En ce qui concerne les autres travaux supplémentaires partiellement admis par SNCF Réseau :

21. En premier lieu, pour demander une rémunération supplémentaire de 307 070,60 euros HT au titre des travaux d'assainissement aux abords de la société Néomaye, rémunérés selon le prix nouveau PN 52, la société Colas Rail qui ne produit pas d'attachement contradictoire, ne se réfère qu'au compte-rendu d'une réunion de chantier tenue le 18 mai 2017. Toutefois, ce compte-rendu fait seulement mention, sur ce point, de son désaccord avec la maitrise d'œuvre sur le linéaire réalisé et sur le prix unitaire, et ne permet donc pas de démontrer la réalisation de travaux sur 888 mètres linéaires, excédant les 730 mètres linéaires admis par la maîtrise d'œuvre et pris en compte à hauteur de 141 547 euros HT dans le décompte général. Sa demande sur ce point doit donc être rejetée.

22. En deuxième lieu, le prix nouveau PN 56 de 18 656 euros HT, pris en compte pour moitié dans le décompte général s'agissant des travaux de reprise des abords, n'a été prévu, ni par le marché, ni par les ordres de service n°4 et n°5. La société Colas Rail ne saurait donc invoquer utilement les stipulations de l'article 13.22 du CCCG, aux termes duquel : " les prix unitaires ne sont jamais fractionnés ", pour demander un doublement de la rémunération qui lui a été allouée sur la base de ce prix. Elle ne saurait davantage se référer au compte-rendu de la réunion de chantier du 18 mai 2017, mentionnée ci-dessus, qui, sur ce point, mentionne seulement la " validation du principe de 50/50 SNCF/COLAS pour dégradation des abords de riverains ". Sa demande sur ce point doit donc être rejetée.

23. En troisième lieu, à supposer que, pour demander une rémunération supplémentaire de 192 114 euros HT à raison de la pose d'un coupon mixte en fin de nuit, rémunérée à hauteur de 64 038 euros HT selon le prix nouveau PN 61, la société Colas Rail ait entendu se référer au compte-rendu de la réunion de chantier du 18 mai 2017, mentionnée ci-dessus, ce compte-rendu ne comporte aucun élément de nature à démontrer que la prestation qu'elle a accomplie, aurait excédé les 19,5 unités prises en compte dans le décompte général. Sa demande sur ce point, qui ne repose sur aucun autre argument, doit donc être rejetée.
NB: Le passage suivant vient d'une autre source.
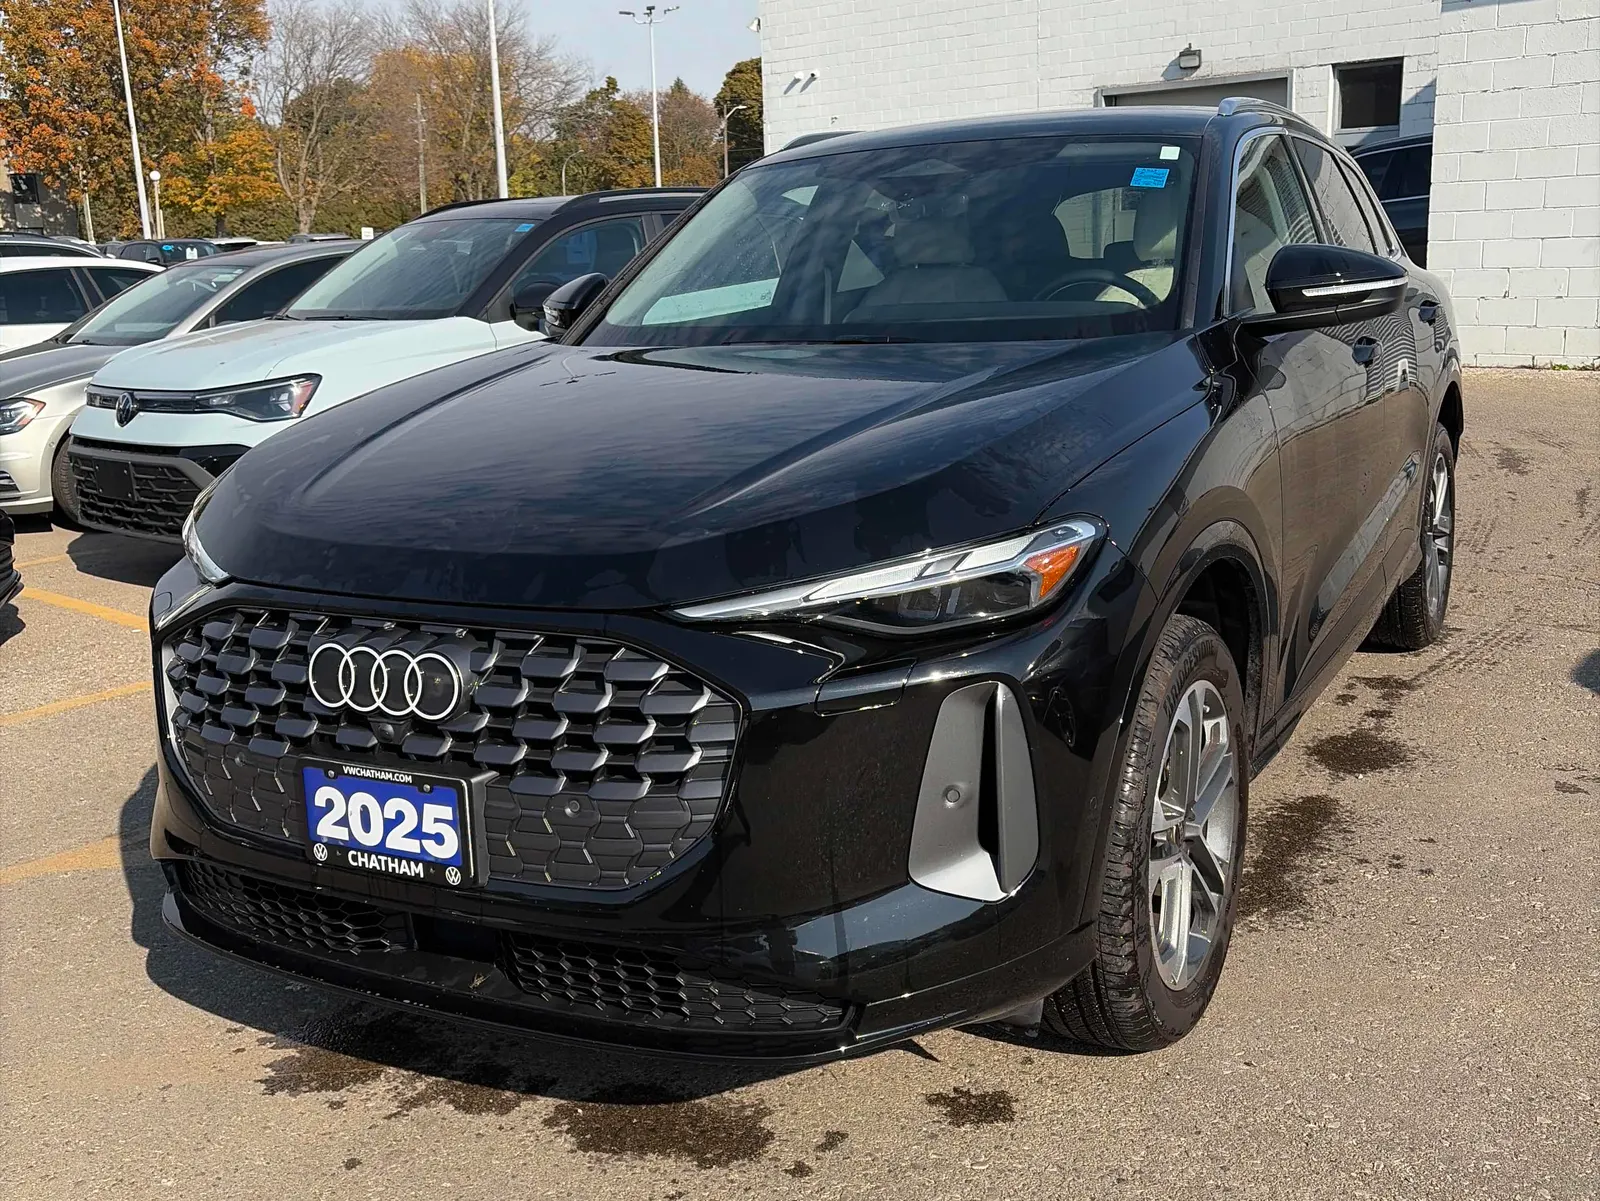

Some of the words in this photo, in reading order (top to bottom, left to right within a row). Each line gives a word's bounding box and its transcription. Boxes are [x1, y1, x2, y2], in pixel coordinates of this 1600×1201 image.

[342, 765, 413, 784] VWCHATHAM.COM
[314, 785, 459, 859] 2025
[347, 850, 424, 878] CHATHAM
En ce qui concerne les travaux supplémentaires refusés par SNCF Réseau :

24. En premier lieu, aux termes de l'article 58.211 du CCCG : " L'entrepreneur supporte seul les conséquences pécuniaires des dommages matériels de toute nature qui pourraient atteindre les biens du maître de l'ouvrage (...) ". Compte tenu de cette disposition, la société Colas Rail qui ne conteste pas avoir, ainsi que la société SNCF Réseau le soutient, provoqué des désordres sur le quai Prissé en y faisant passer des engins lourds, n'est pas fondée à demander une somme de 12 500 euros HT, par application d'un prix nouveau PN 37, à raison des travaux de réfection de ce quai, à propos desquels elle ne produit d'ailleurs qu'un attachement non signé par le maître d'œuvre. Sa demande sur ce point ne peut donc qu'être rejetée.
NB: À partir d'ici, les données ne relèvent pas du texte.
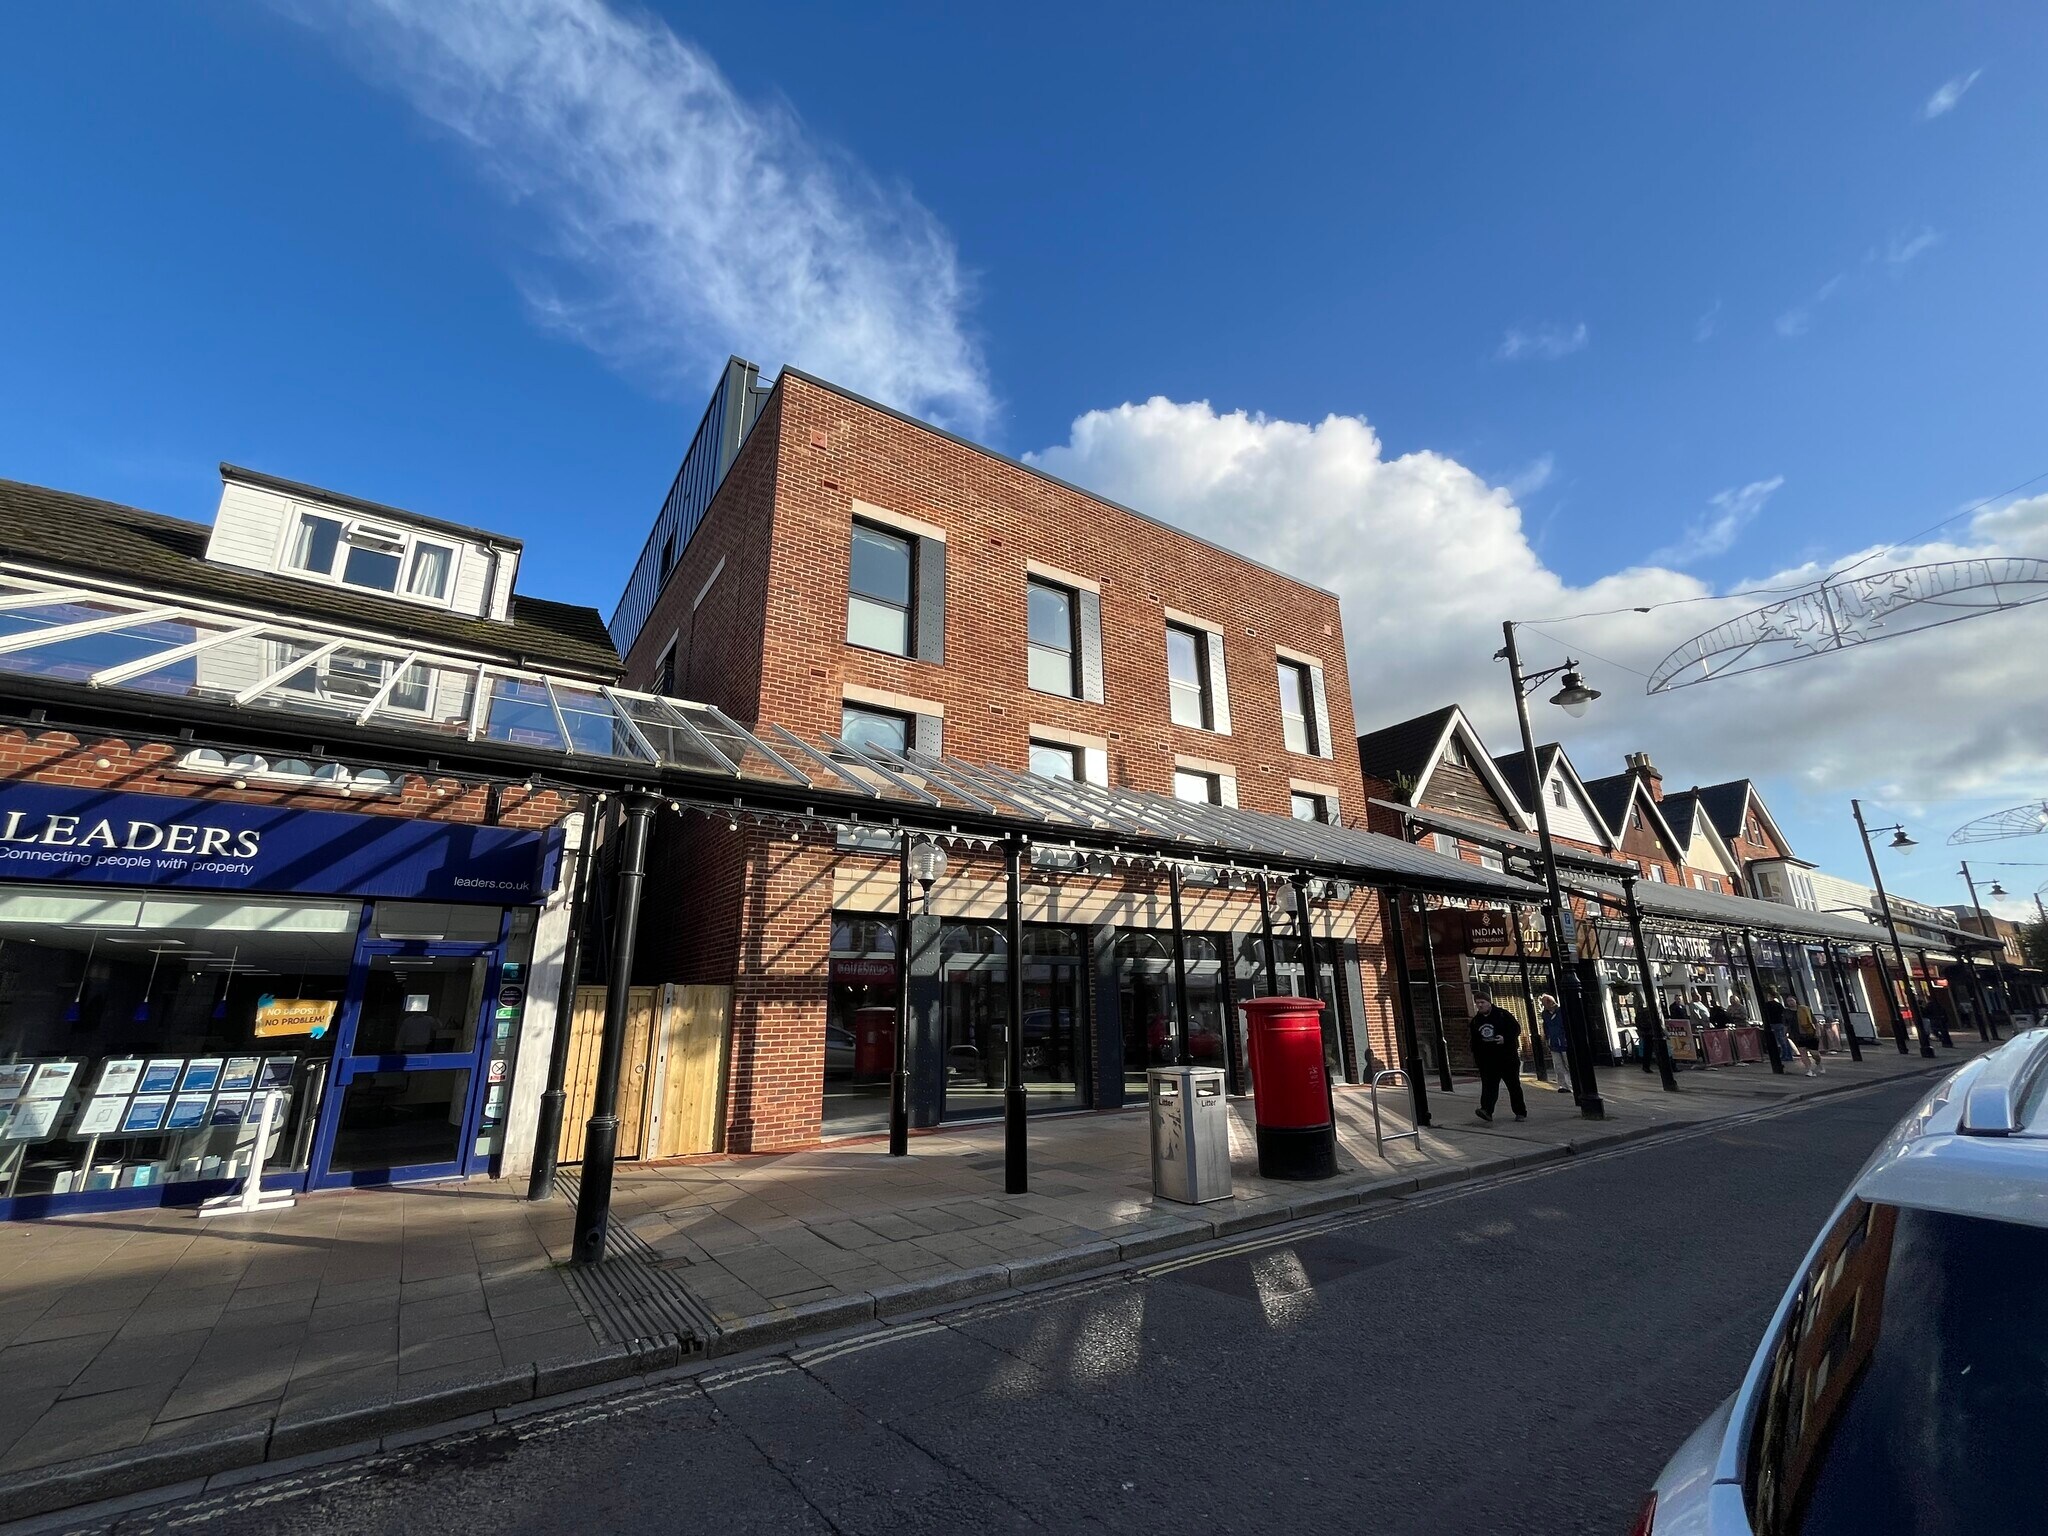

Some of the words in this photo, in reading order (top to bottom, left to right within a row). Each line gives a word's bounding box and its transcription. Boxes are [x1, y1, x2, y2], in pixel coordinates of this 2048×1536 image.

[0, 811, 261, 859] LEADERS
[0, 846, 92, 866] Connecting
[96, 855, 152, 869] people
[156, 857, 188, 870] with
[191, 861, 254, 876] property
[453, 876, 530, 891] leaders.co.uk
[1471, 927, 1504, 937] INDIAN
[1656, 934, 1677, 955] THE
[1675, 935, 1712, 957] SPITFIRE
[267, 1008, 281, 1016] NO
[281, 1016, 325, 1025] PROBLEM!
[1159, 1098, 1173, 1106] Litter
25. En second lieu, s'agissant du remplacement d'un rail sur voie neuve à raison duquel elle demande une somme de 108 175,05 euros HT par application d'un prix nouveau PN 60, la société Colas Rail, se borne à se référer au compte-rendu de la réunion de chantier du 18 mai 2017, mentionnée ci-dessus, qui, il est vrai, fait état d'une " validation par la MOE ", mais n'établit pas qu'elle aurait réalisé les travaux. S'agissant de la prestation intitulée " mise en place de boulons sur raccordement de panneaux " pour laquelle elle demande une somme de 43 890 euros HT par application d'un prix nouveau PN 64, ce même compte-rendu ne permet pas davantage d'établir la réalité des travaux. Les demandes de la société Colas Rail sur ces deux points doivent donc être rejetées.

26. Il résulte de ce qui précède que la société Colas Rail n'est pas fondée à contester le montant de 1 788 322,61 euros HT, admis dans le décompte général s'agissant des prix nouveaux.
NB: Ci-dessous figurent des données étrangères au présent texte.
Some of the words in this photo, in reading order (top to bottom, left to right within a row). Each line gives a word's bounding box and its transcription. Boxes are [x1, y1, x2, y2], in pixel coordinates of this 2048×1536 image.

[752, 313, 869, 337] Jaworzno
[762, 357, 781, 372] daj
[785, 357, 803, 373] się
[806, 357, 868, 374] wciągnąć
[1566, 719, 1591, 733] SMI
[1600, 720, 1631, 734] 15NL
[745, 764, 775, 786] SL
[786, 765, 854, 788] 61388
Sur la responsabilité de SNCF Réseau :

27. Les difficultés rencontrées dans l'exécution d'un marché peuvent ouvrir droit à indemnité au profit de l'entreprise titulaire du marché dans la mesure où celle-ci justifie qu'elles sont imputables à une faute de la personne publique commise notamment dans l'exercice de ses pouvoirs de contrôle et de direction du marché, dans l'estimation de ses besoins, dans la conception même du marché ou dans sa mise en œuvre.

28. En premier lieu, la société Colas Rail n'établit pas qu'ainsi qu'elle le soutient, pour demander à être indemnisée à raison de fautes dans la conception du chantier, les démarches administratives indispensables au bon déroulement du programme n'auraient pas été assurées, que le maitre de l'ouvrage se serait trouvé dans l'incapacité d'assurer les approvisionnements prévus, et que le maitre d'œuvre n'aurait pas été en mesure d'assurer la logistique de chantier. De plus, contrairement à ce qu'elle soutient, la notification en cours de marché de 61 prix nouveaux alors que le marché ne prévoyait initialement que 16 prix unitaires, ne révèle pas une faute dans la définition des besoins et des prestations. La société Colas Rail a d'ailleurs été indemnisée, ainsi qu'il a été dit ci-dessus, à raison des travaux supplémentaires qui lui ont été demandés.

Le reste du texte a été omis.